We made our first trip down to Bike Week in Daytona Beach, Florida on Thursday, 13 March. The trip didn’t play out the way we’d originally planned as our partners-in-crime, David & Deb, experienced a sad and unforeseen life event and weren’t able to join us.
We wrestled with the decision to go or cancel our plans and ultimately decided to follow through for a number of reasons, not the least of which was the need to get Debbie some “away time” in the sun so she could clear her head and recharge her batteries. We’d also made plans to meet up with my suspension expert, Howard Messner from Motorcycle Metal, who had set-up a pair of Ohlins shocks for our Wide Glide back in Oct 2011. Howard was going to see if they could be fitted to the Road King with the current springs or perhaps a new set of springs. We also had some other friends headed to Bike Week who we met at last fall’s Thunder Beach in Panama City Beach, Florida that we’d hoped to meet up with. Finally, I wanted to see just how long and hard of a trip it was on the motorcycle, as Debbie’s longest single day ride to date was the 5-hour, 335 mile ride down to Panama City Beach. This would be closer to 8 or 9 hours and 450 or 475 miles depending on which way we went.
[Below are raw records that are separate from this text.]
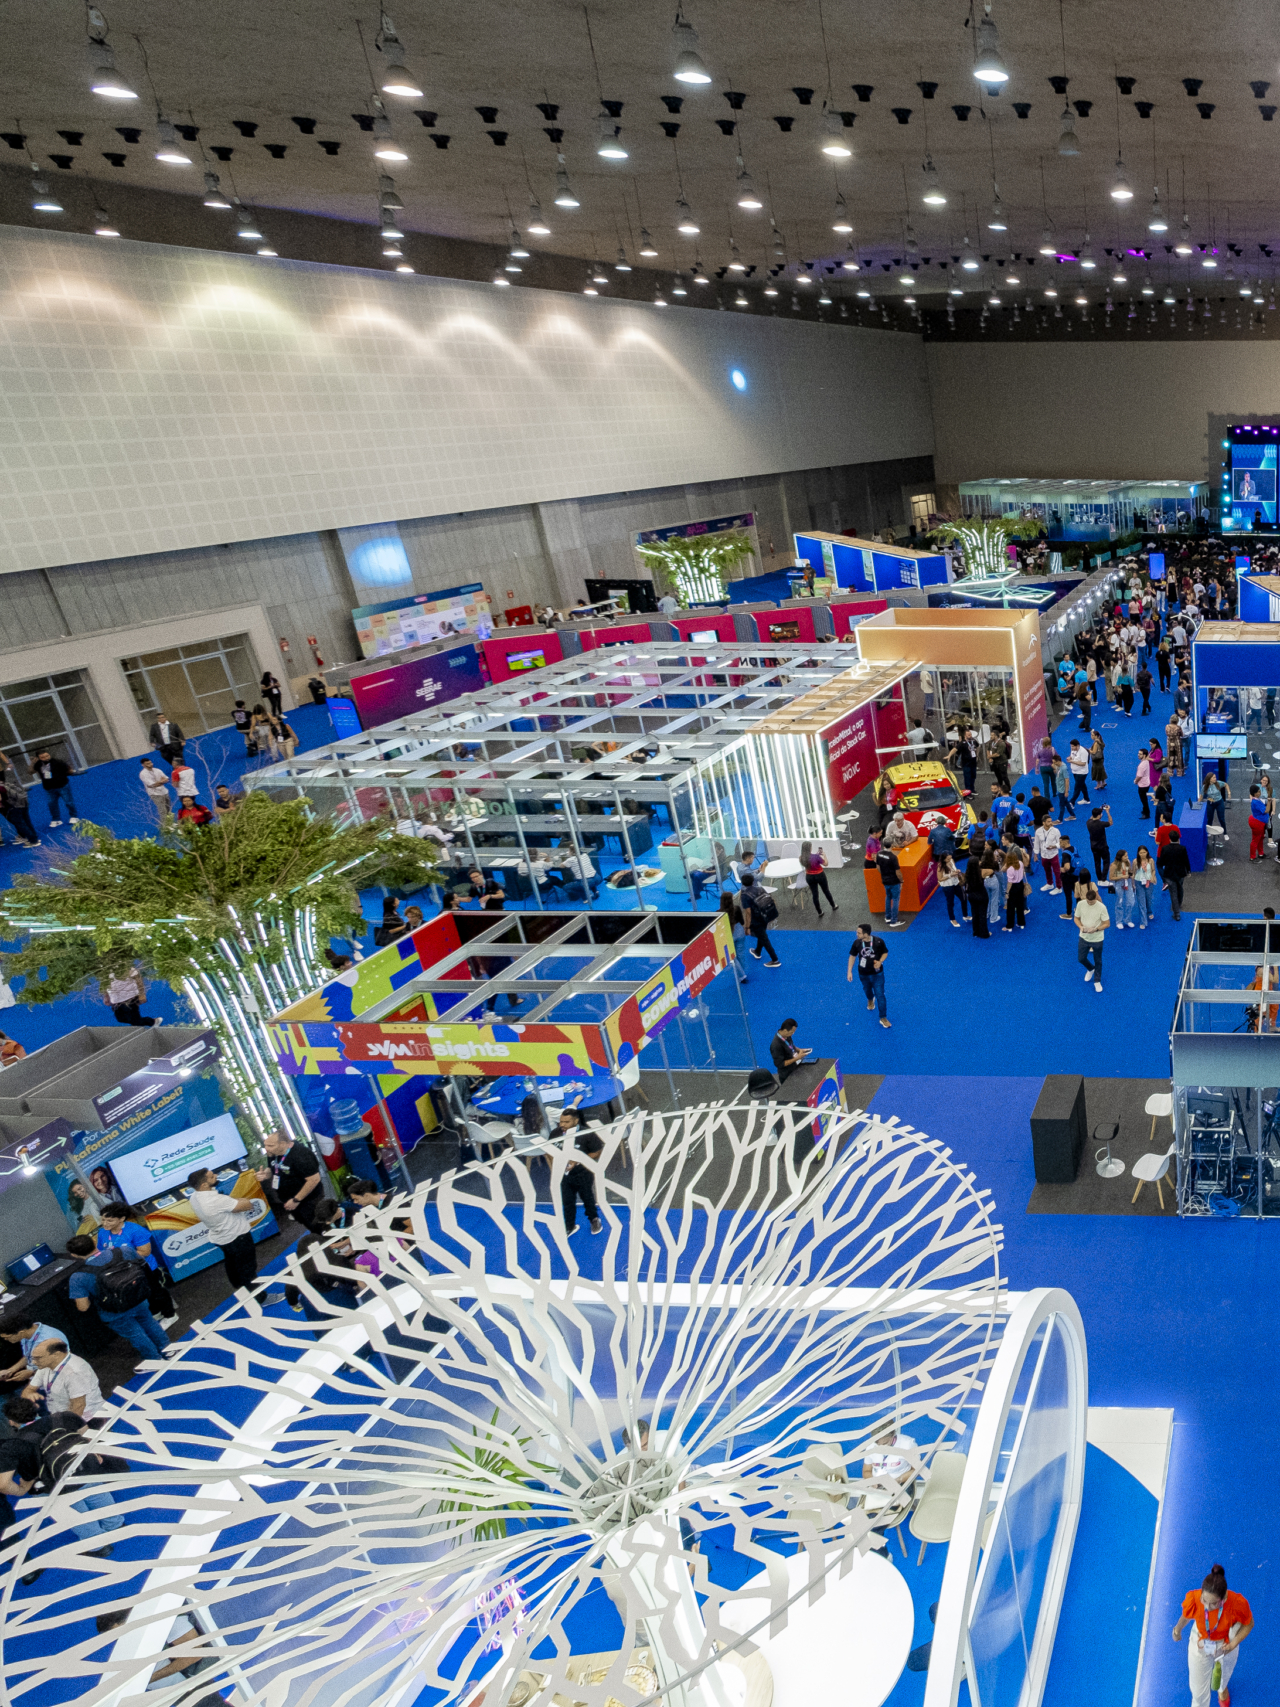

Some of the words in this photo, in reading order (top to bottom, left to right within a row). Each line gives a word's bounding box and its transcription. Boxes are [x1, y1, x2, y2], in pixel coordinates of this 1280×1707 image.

[416, 682, 442, 697] SEBRAE
[829, 726, 852, 749] rcelorMittal,
[642, 956, 712, 1028] COWORKING
[55, 1130, 120, 1175] Pltaforma
[119, 1108, 152, 1133] White
[151, 1086, 184, 1112] Label?
[82, 1132, 100, 1145] Por
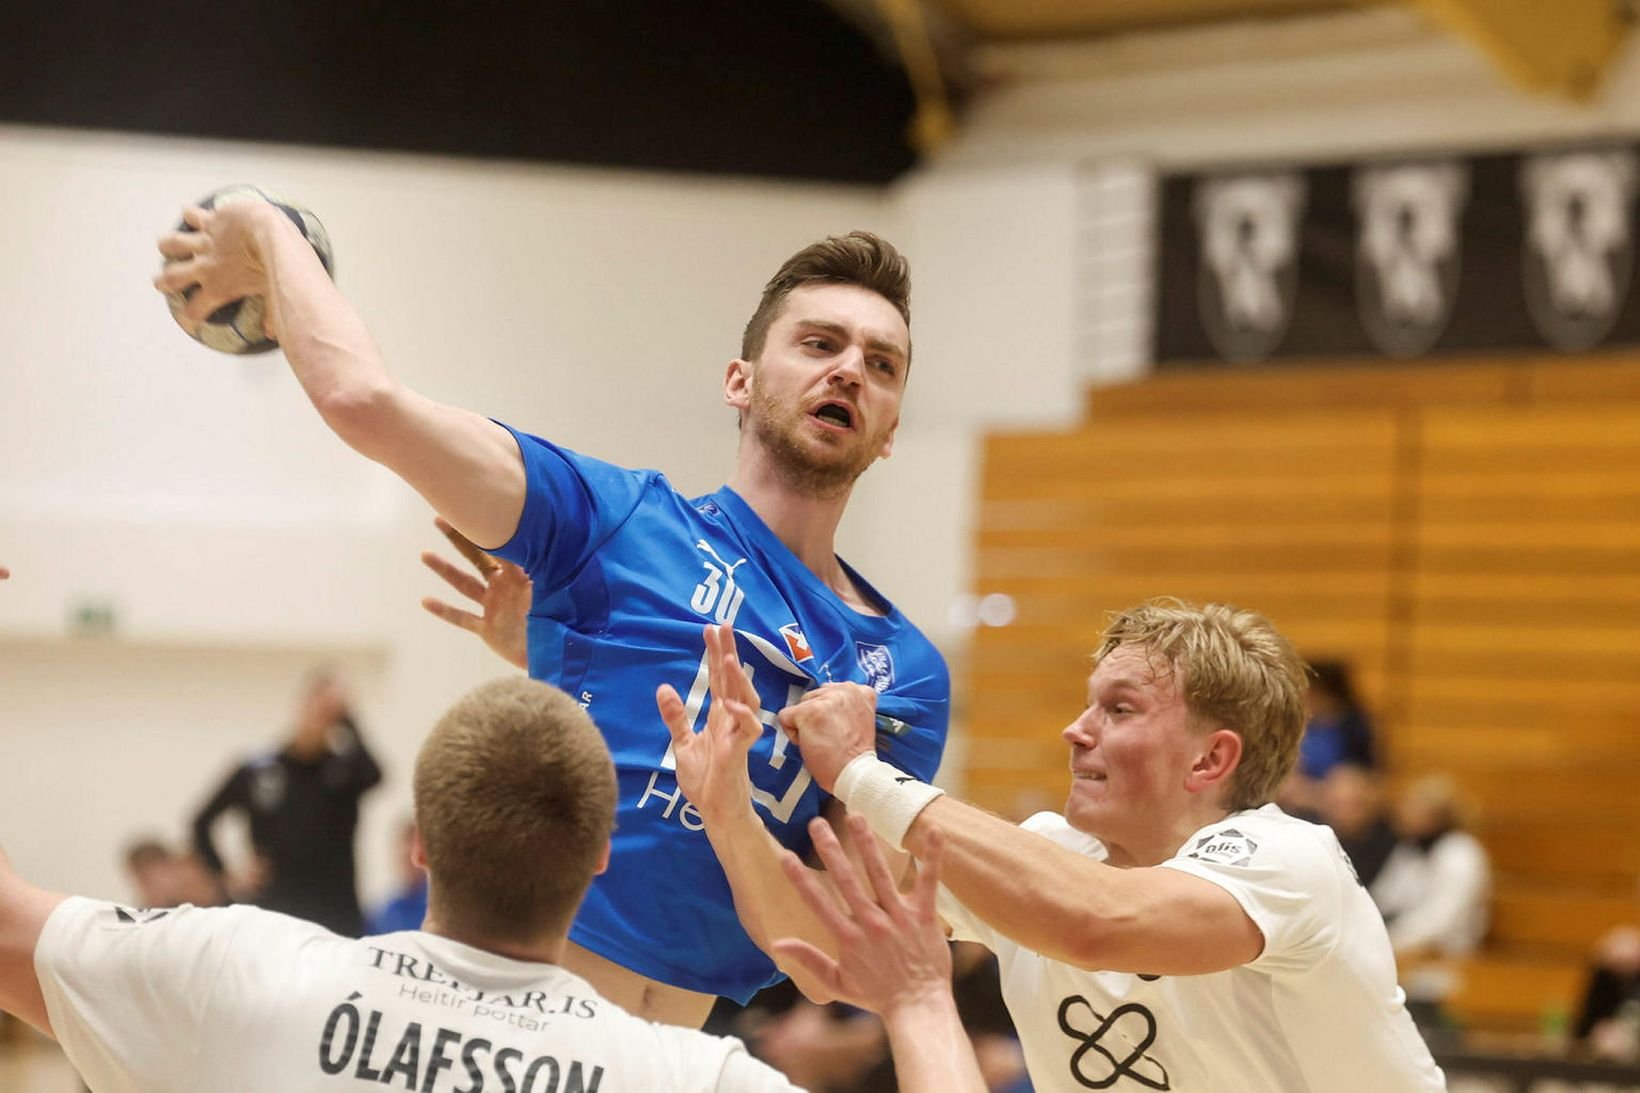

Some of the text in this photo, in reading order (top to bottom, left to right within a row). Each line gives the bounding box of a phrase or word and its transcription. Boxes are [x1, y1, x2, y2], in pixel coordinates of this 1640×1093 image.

[691, 561, 745, 627] 30
[1205, 842, 1242, 854] olis
[399, 983, 550, 1031] Heitir pottar
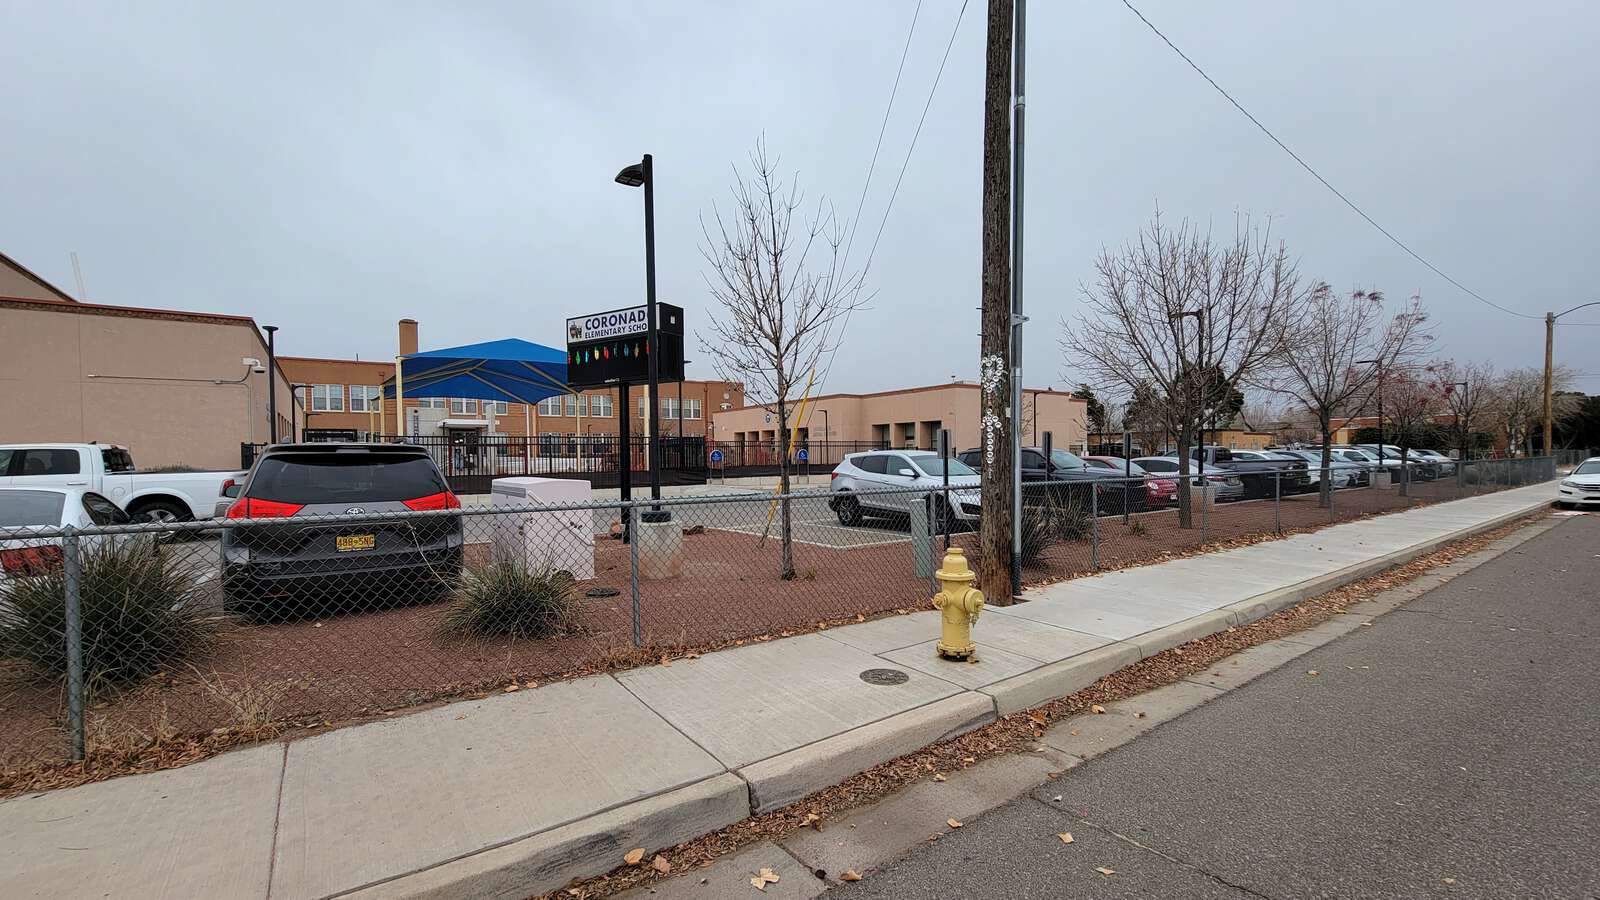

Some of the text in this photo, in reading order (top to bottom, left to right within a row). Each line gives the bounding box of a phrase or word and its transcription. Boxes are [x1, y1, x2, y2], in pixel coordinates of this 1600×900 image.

[585, 309, 648, 331] CORONAD
[584, 322, 648, 339] ELEMENTARY SCHO
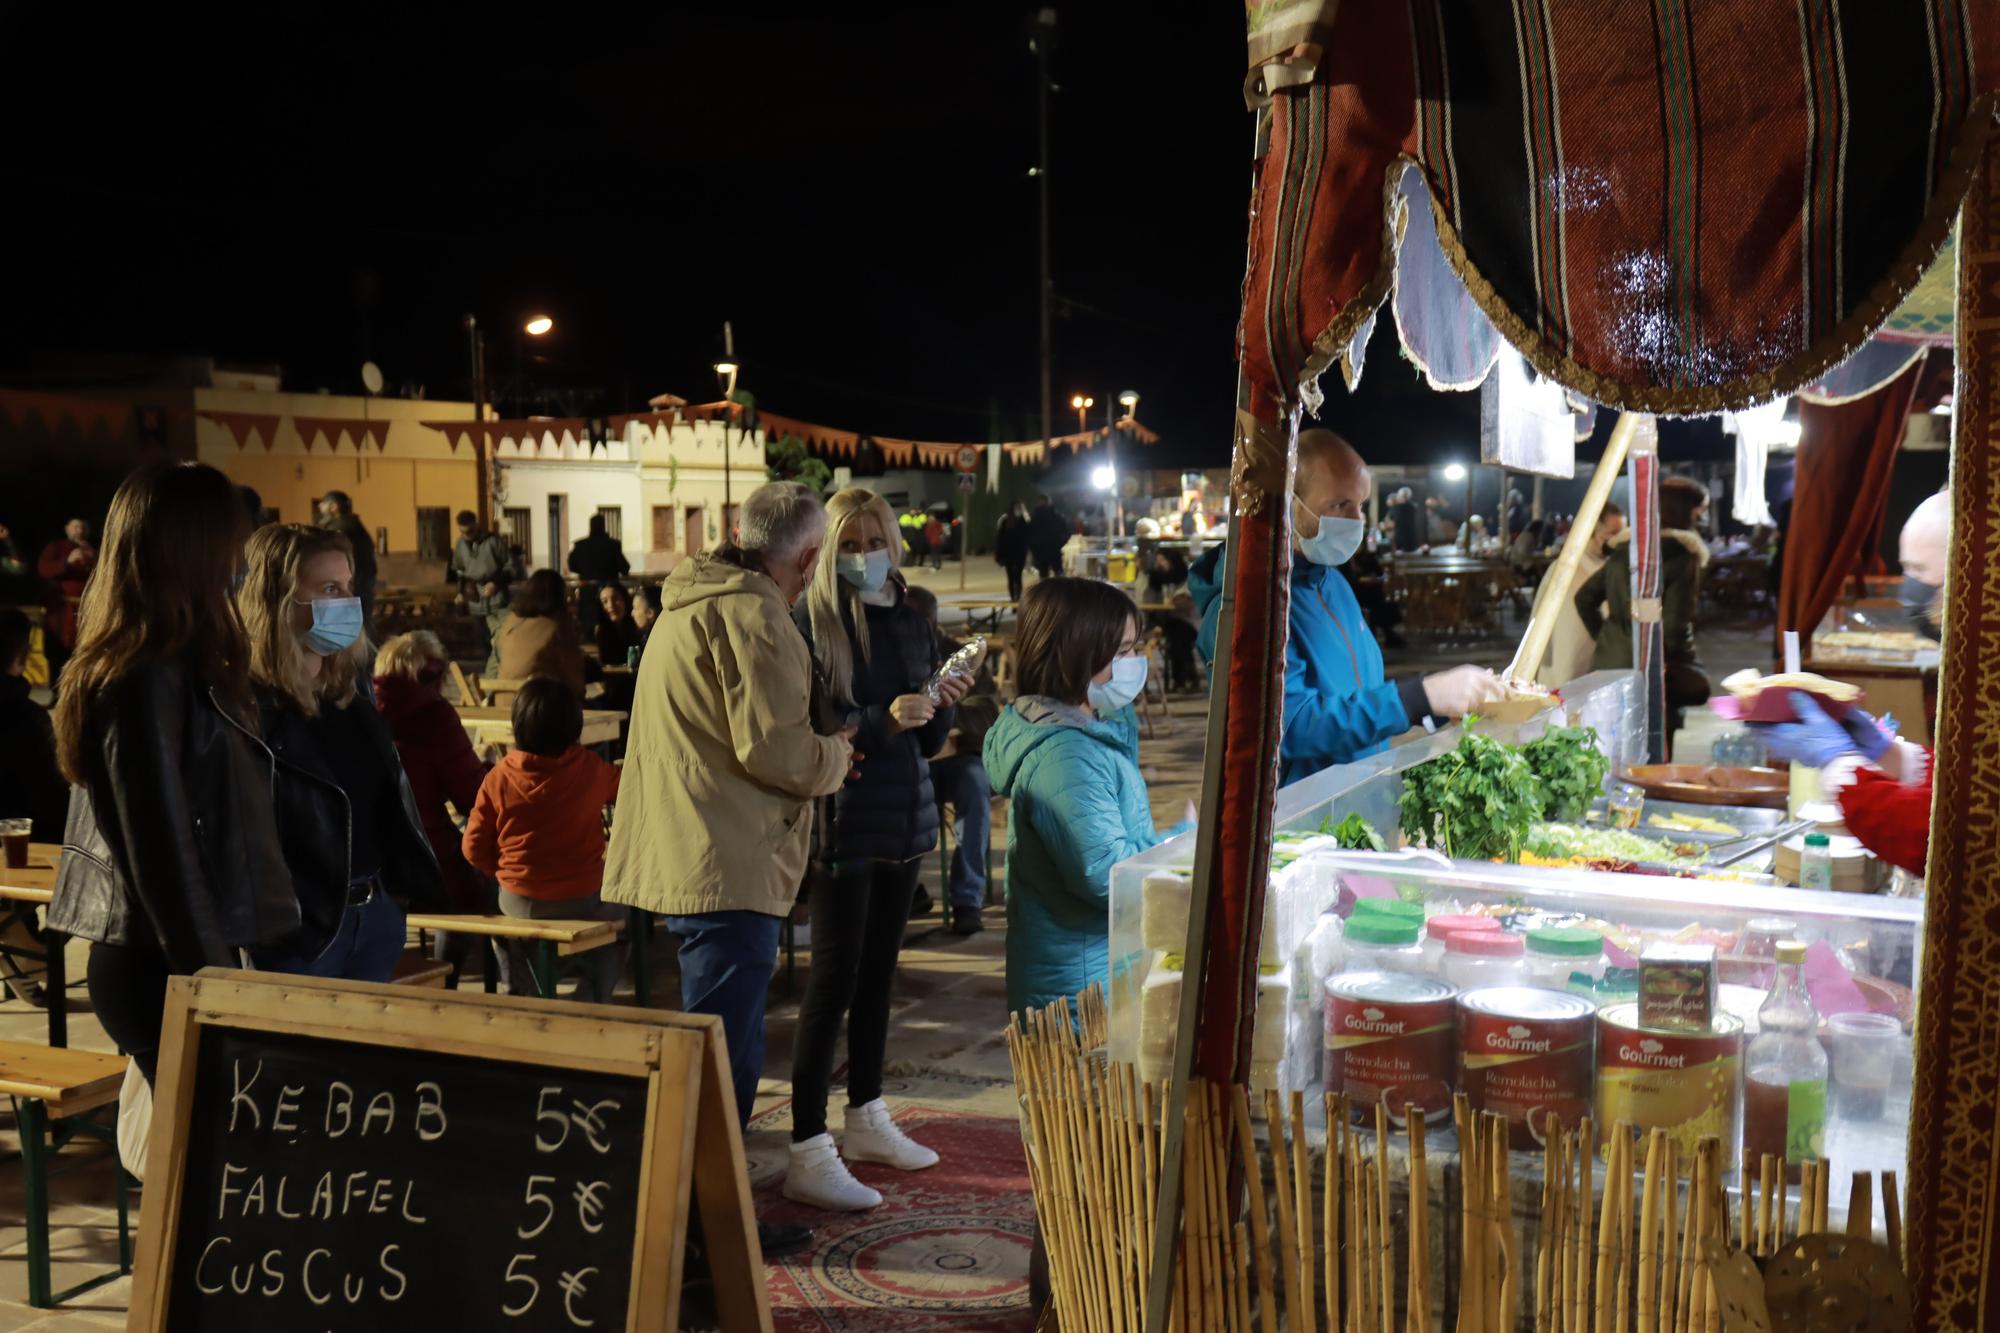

I also figured the reconnaissance ride would be of value to David & Deb for future trip planning purposes.
If only to prove that Murphy’s Law was still alive and well, after making the decision to press ahead with the trip the weather outlook became something of a potential spoiler for us. The 10-day look ahead was showing a cold snap with temperatures in the low-30’s to high 20’s for our Thursday morning departure time and rain for our Sunday return trip.
We had most of the gear we’d need to deal with both sets of conditions, which is to say that Debbie and I have Shoei Multitec “modular” helmets, heated jackets, gloves and a variety of other cold-weather outerwear and some pretty good rain gear to cover us from top to bottom. However, the more I thought about what it was like to ride for several hours at a time in near-freezing temps and at highway speeds I began to wonder if Debbie would really be warm enough without adding some heated insoles to her boots: waiting for the temps to go up into the 40’s just wasn’t’ an attractive option.
While heated gear isn’t essential for cold weather riding, just go ahead and color me a biker-wuss: there’s no reason to be uncomfortable on a ride if there’s a relatively easy alternative. I did the cold and wet “minimalist” thing on dirt bikes and my sport bikes for many years back in my teens and 20’s, never mind many bicycle rides in awful conditions with absolutely no protective weather gear as recently as last May (by accident). Those were always epic rides with great stories of perseverance and endurance, but last May’s 66-mile Tour de Cure charity ride on the tandem bicycle where the last 10-miles found us in a raging Thunderstorm cured me: I still don’t forgive myself for dragging Debbie into that mess. So, there’s certainly no way I’m going to subject her to being uncomfortable on a 450-mile motorcycle ride if I have an option: I got options!
On the Sunday before our trip down to Daytona we stopped by a Cycle Gear shop and picked up two pair of heated insoles and some inner glove liners for Debbie to wear under her heated gloves. The insoles worked pretty well on the first test fitting, but dealing with the long wire leads that connected the insoles to the thermostat harness in the jacket was a bit odd and made me wonder if completing the heated gear ensemble with some heated pants wouldn’t make sense.
I mulled it over on Sunday and Monday and decided to go ahead and see if I could find the right size pants this late in the winter riding season… for both of us. On Tuesday I was able to find a pair of Harley-Davidson branded, Gerbings-made pants for Debbie at our local Harley-Davidson dealer and some Gerbings-branded pants for me at Atlanta BMW / Ducati. So, if nothing else, we’d certainly be warm and comfortable no matter how cold it might be on our ride down Thursday. Moreover, we were set for any future trips where cold weather might become an issue as heated gear lasts many, many years so long as you maintain your weight! I’m still wearing the same Gerbings jacket I bought 14-years ago!
With our gear sorted out, the next challenge became figuring out how to pack all of this extra cold weather stuff on the bike along with our regular luggage as we wouldn’t need or want to wear it on the way home with another layer of rain gear on top: we’d be as soaked from the inside-out with sweat as we would rain from the outside-in if the temps were higher than the 50’s predicted to come along with the rain front.
For our previous trips, packing was much more of time-consuming science project, where all of the clothes had to be packed in 2 gallon ziplock bags both to keep them packed-in tightly and waterproof since the Saddleman Touring bag was assumed to be and has been proven to be less than waterproof. All of the outer wear had to go in to the saddle bags for relatively easy access; yeah, well as easy as it can be to pry tightly wrapped clothing out of a small case as it quickly expands to full size!! The rain gear bag would be attached to the top of the touring bag.
So, with all of our gear in-hand, tried-on, checked-out and now laid-out for both Thursday’s freezing cold trip to Florida and Sunday’s cool and rainy trip home, we were fully committed and ready for anything.